Это предложение понравилось Чурину. Ему тоже хотелось посмотреть кинофильм «Суд народов», который демонстрировался в ближайшем кинотеатре.
Они перешли дорогу и оказались в кинотеатре, довольные, что до начала сеанса остались считанные минуты. Лука будто бы вовсе забыл о присутствии возле него чекиста, блуждал по фойе, с интересом рассматривая пришедших на сеанс, ни к кому не обращаясь и не пяля глаза на девчат. И, уже сидя в зале, рассудительно поделился своими мыслями:
— Уверенная, вижу публика, спокойная и приодетая. Чувствует себя надежно.
Необычайно удовлетворила Чурина наблюдательность прозреваемого бандита, понемногу оправдывающего надежды чекистов.
Когда погас свет и на экране красными буквами вспыхнуло название фильма — «Суд народов», — Угар обратился к Чурину с вопросом:
— Что за суд?! Куда мы попали?
Анатолий Яковлевич промолчал, только указал рукой на экран, смотри, мол, там все увидишь и услышишь.
Мелькнули кадры с видом нюрнбергского Дворца юстиции в момент, когда на караул вставали советские солдаты. Жестко, с торжественным оттенком прозвучал голос ведущего, сообщившего о том, что судебный процесс Международного военного трибунала над главными военными преступниками фашистской Германии проходил в Нюрнберге с 20 ноября 1945 года до 1 октября 1946 года.
В зале кинотеатра притихли, словно бы присутствующие наяву ощутили себя в зале суда, напряженно наблюдая за рядами подсудимых, сидящих под стражей союзнических солдат в белых касках.
«Процесс, который теперь должен начаться, является единственным в своем роде в истории мировой юриспруденции, и он имеет величайшее общественное значение для миллионов людей на всем земном шаре», — начал речь председательствующий.
Нацистские преступники разместились на скамье подсудимых в соответствии с положением, которое они занимали в рейхе.
Во главе первого ряда сидел набычившийся рейхсмаршал третьей империи Герман Геринг, рядом с ним заместитель Гитлера по нацистской партии Рудольф Гесс.
«Сосед Гесса слева, — представлял ведущий, — Иоахим фон Риббентроп, министр иностранных дел».
Риббентроп выглядел обмякшим, неряшливым. Это тем более было заметным в соседстве с фельдмаршалом Кейтелем, являвшимся на заседание трибунала в отутюженном френче и начищенных сапогах.
Угар нетерпеливо тронул Чурина за руку, произнес удивленно:
— Жирным был, а сейчас, смотри, все висит на нем.
— Геринг, что ли? — понял Чурин. — Где ты его видел жирным?
— В газетах немецких.

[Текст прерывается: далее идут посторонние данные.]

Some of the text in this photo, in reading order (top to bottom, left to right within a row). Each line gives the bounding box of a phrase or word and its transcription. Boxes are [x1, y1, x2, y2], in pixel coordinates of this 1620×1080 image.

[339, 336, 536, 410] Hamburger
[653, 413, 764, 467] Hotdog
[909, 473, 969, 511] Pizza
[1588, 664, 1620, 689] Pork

А на суде — мешок с костями.
И тут, кстати, показали внутренний вид тюремной камеры, с туалетом в неприкрытом углу возле двери, у стены стол и стул, справа — лежак.

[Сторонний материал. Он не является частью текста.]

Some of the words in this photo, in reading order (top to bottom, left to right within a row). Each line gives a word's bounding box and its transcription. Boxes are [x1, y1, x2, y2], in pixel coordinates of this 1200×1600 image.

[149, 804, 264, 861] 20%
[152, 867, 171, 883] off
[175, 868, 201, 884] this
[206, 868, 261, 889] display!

«Жизненное пространство в пять квадратных метров, которое они завоевали», — слышится уничтожающее пояснение.
— О-хо-хо, каково-то… Ну и судьбина! Не приведи бог, — прорвалось из глубины души у пригнувшегося от изумления Угара.

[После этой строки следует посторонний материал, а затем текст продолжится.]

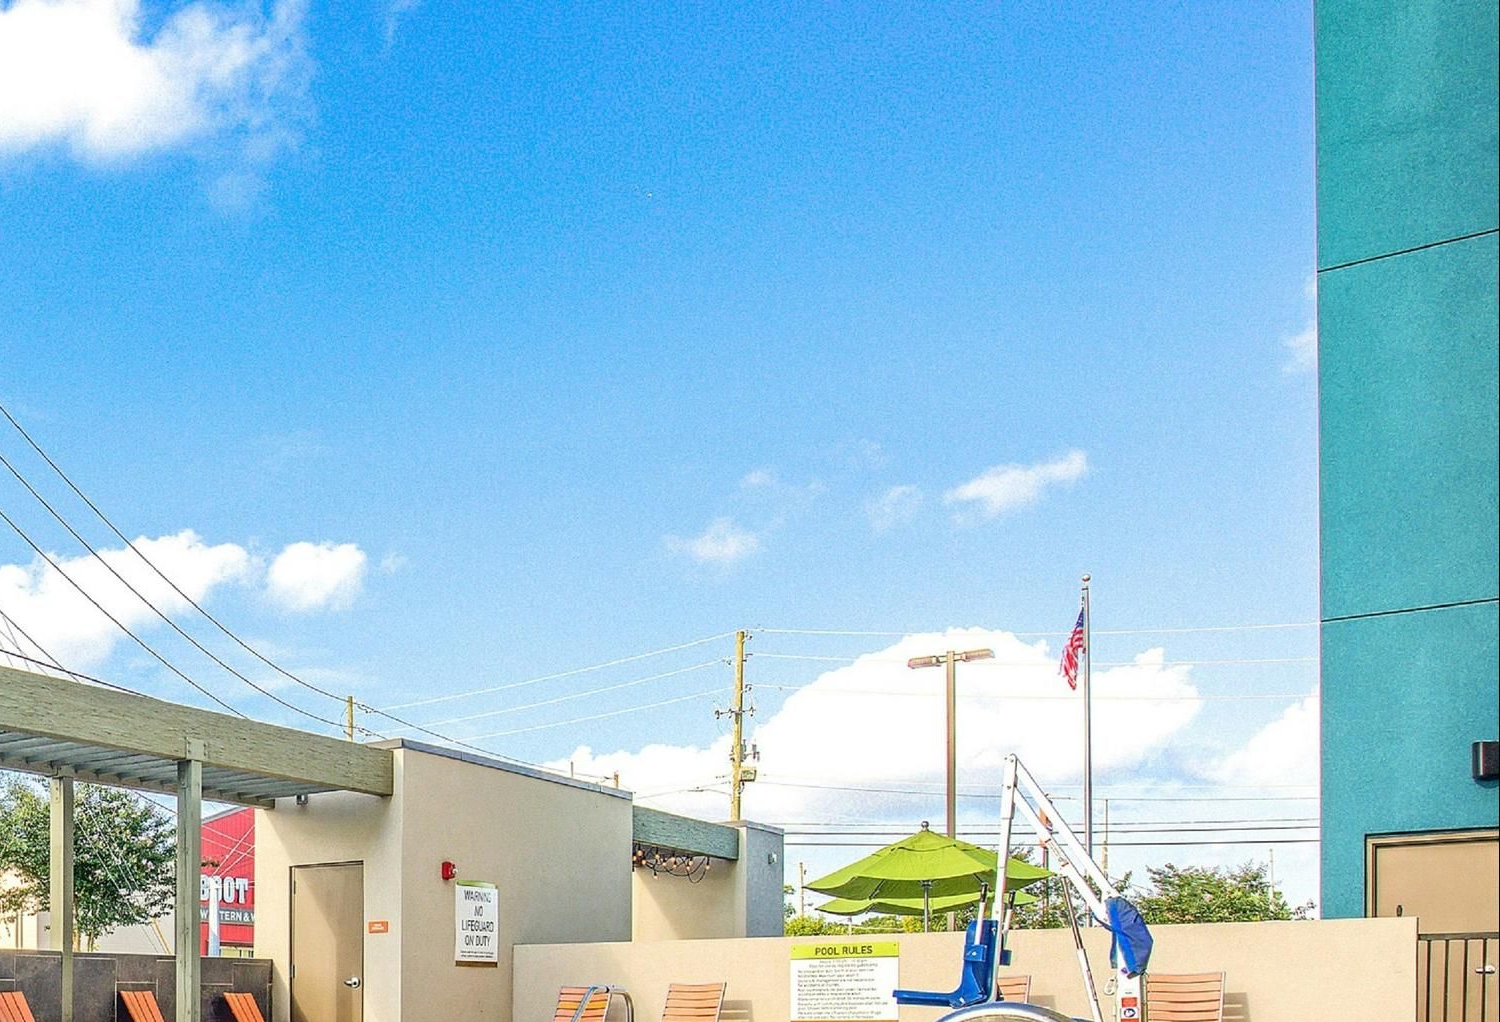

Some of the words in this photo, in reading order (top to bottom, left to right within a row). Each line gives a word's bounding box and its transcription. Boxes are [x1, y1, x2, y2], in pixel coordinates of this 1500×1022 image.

Быстро меняются кадры. Снова Кейтель. Последний раз в жизни он был в полном параде, с фельдмаршальским жезлом и моноклем, 8 мая 1945 года. Он подписал тогда акт о безоговорочной капитуляции Германии, и как только поставил подпись, прозвучали повелительные слова: «Германская делегация может удалиться».
Снова кадр «жизненного пространства» тюремной камеры, исхудавшие, и без того сухопарые, Йодль и Кейтель, не глядя друг на друга, сидят за ужином.
На экране Эрнст Кальтенбруннер, заместитель палача Гиммлера. У него лошадиное, испещренное шрамами лицо, холодные глаза убийцы. Из его кабинета шли директивы об уничтожении миллионов людей в лагерях смерти.
Угар дернулся к Чурину, руку приложил к его плечу, порываясь что-то сказать, но не смог.
«Мы все были тенью Гитлера», — оправдывается Кальтенбруннер.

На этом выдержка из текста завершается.